Entries taken from a collection:
========================

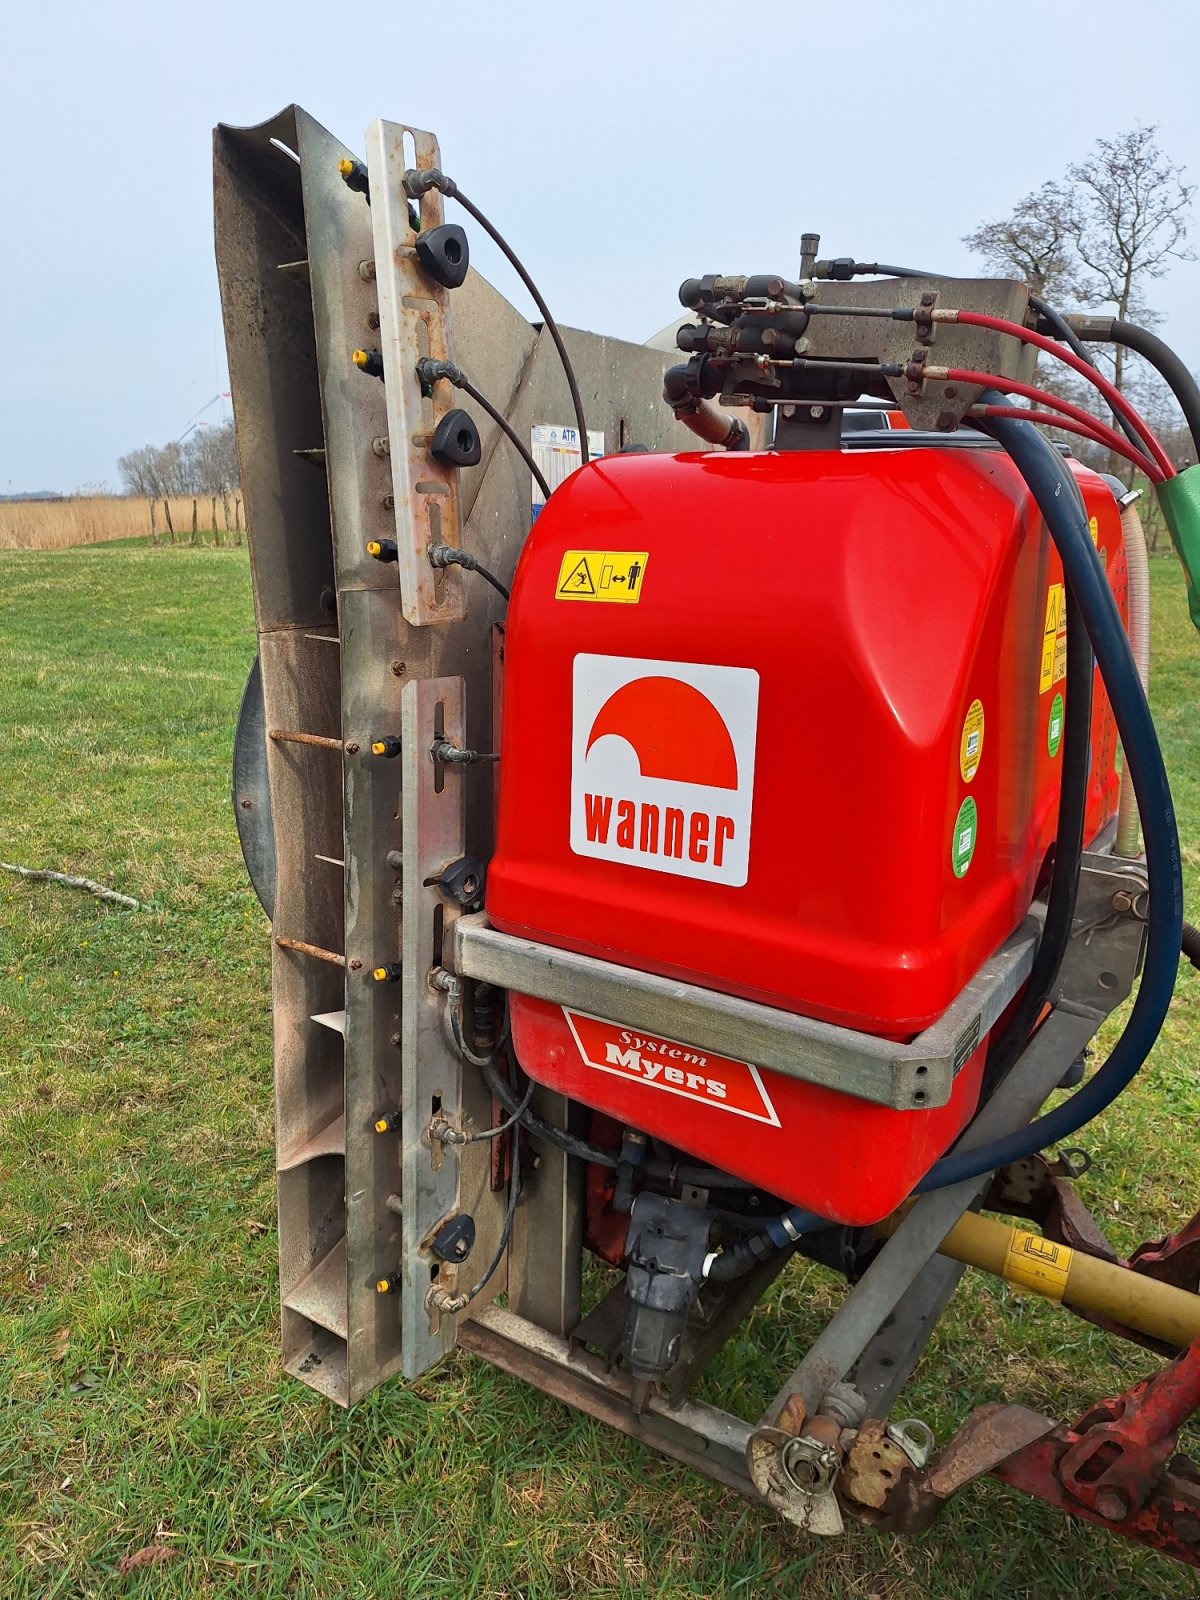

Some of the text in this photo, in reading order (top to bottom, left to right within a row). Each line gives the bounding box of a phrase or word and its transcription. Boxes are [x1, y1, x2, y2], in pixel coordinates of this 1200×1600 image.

[562, 428, 576, 442] ATR
[584, 793, 735, 867] wanner
[605, 1042, 727, 1099] Myers
[618, 1031, 708, 1067] System
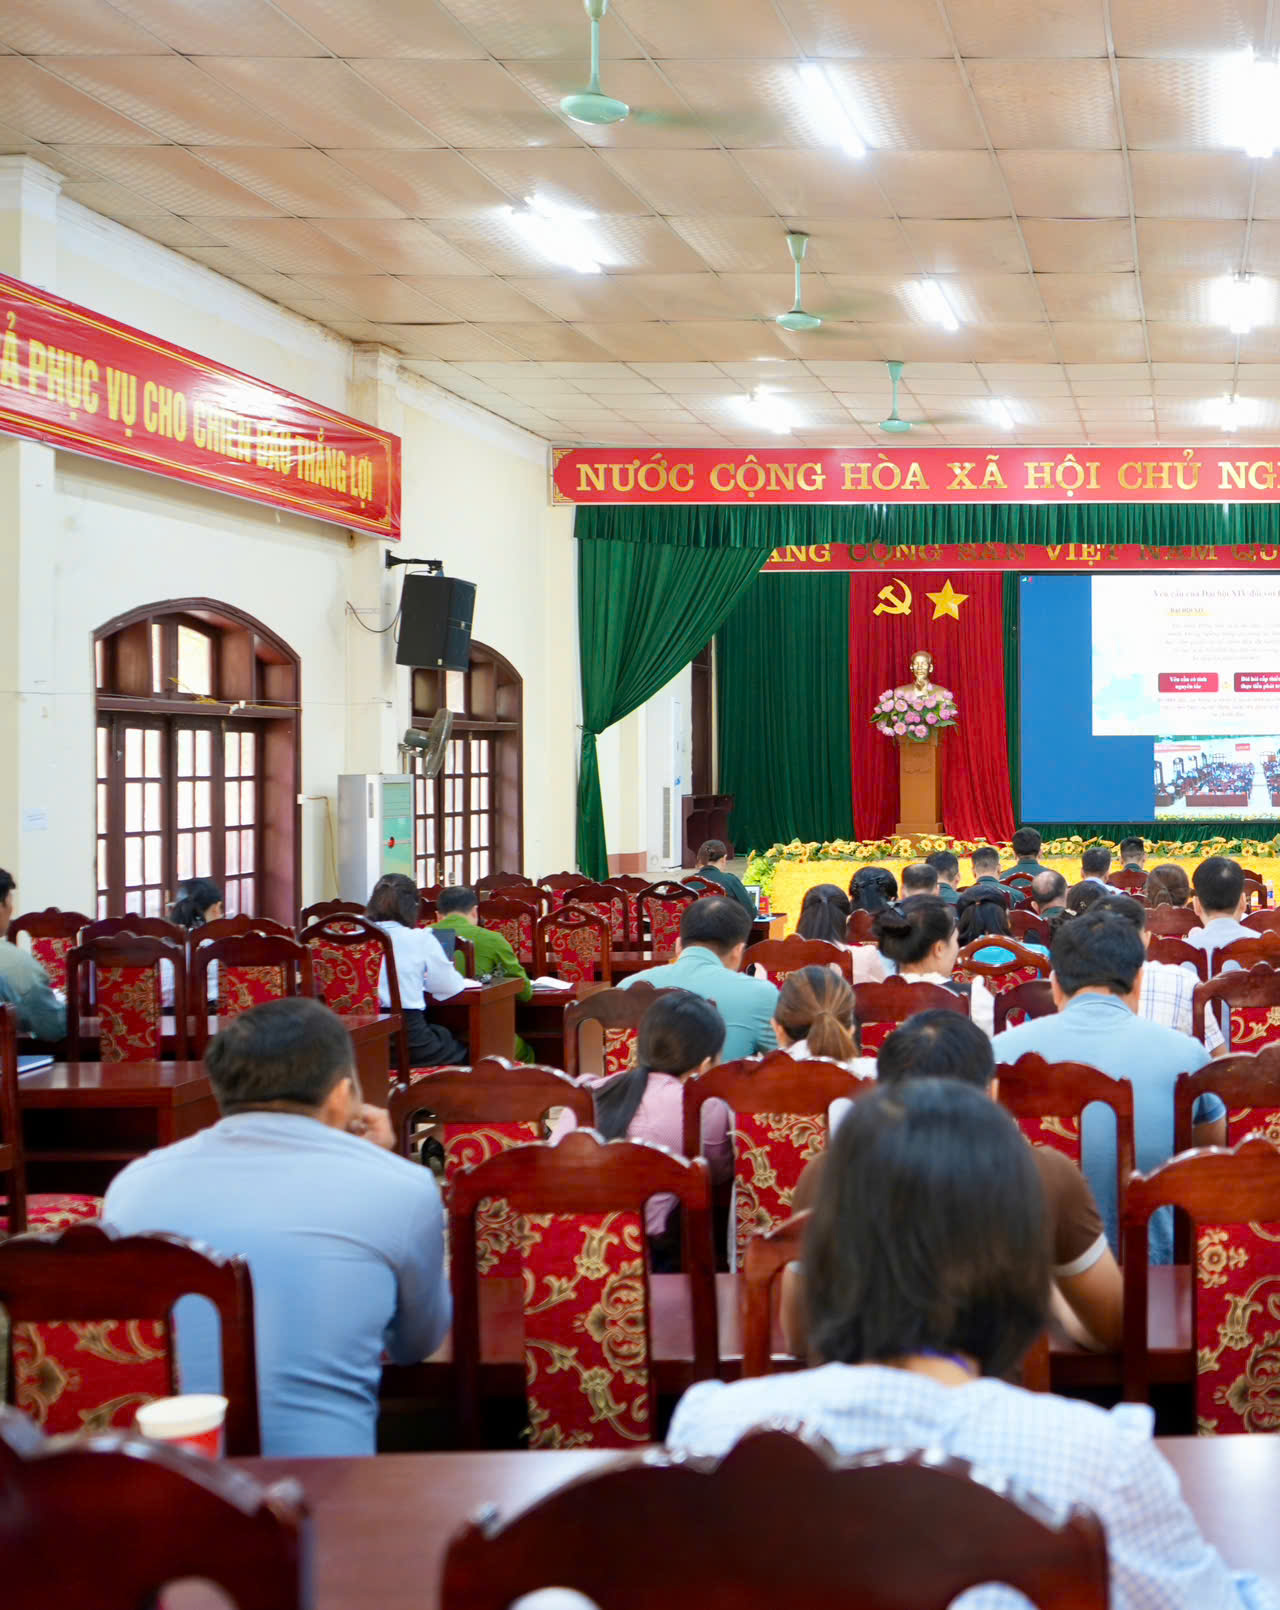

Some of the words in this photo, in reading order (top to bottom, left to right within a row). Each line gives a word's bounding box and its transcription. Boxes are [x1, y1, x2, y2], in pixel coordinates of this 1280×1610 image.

========================

REQUIRED WORK: Copy each entry exactly as written. Images should not appear in the copy.

TASK RESPONSE:
Some of the text in this photo, in reading order (top to bottom, left to right within a row). Each line gives the bounding box of a phrase or word and its transcription. Boxes are [x1, y1, x2, y2], in pixel coordinates of this 1200×1600 image.

[562, 428, 576, 442] ATR
[584, 793, 735, 867] wanner
[605, 1042, 727, 1099] Myers
[618, 1031, 708, 1067] System

Some of the words in this photo, in reading order (top to bottom, left to right within a row). Each line gives a word's bounding box and its transcription. Boxes are [x1, y1, x2, y2], in pixel coordinates of this 1280×1610 image.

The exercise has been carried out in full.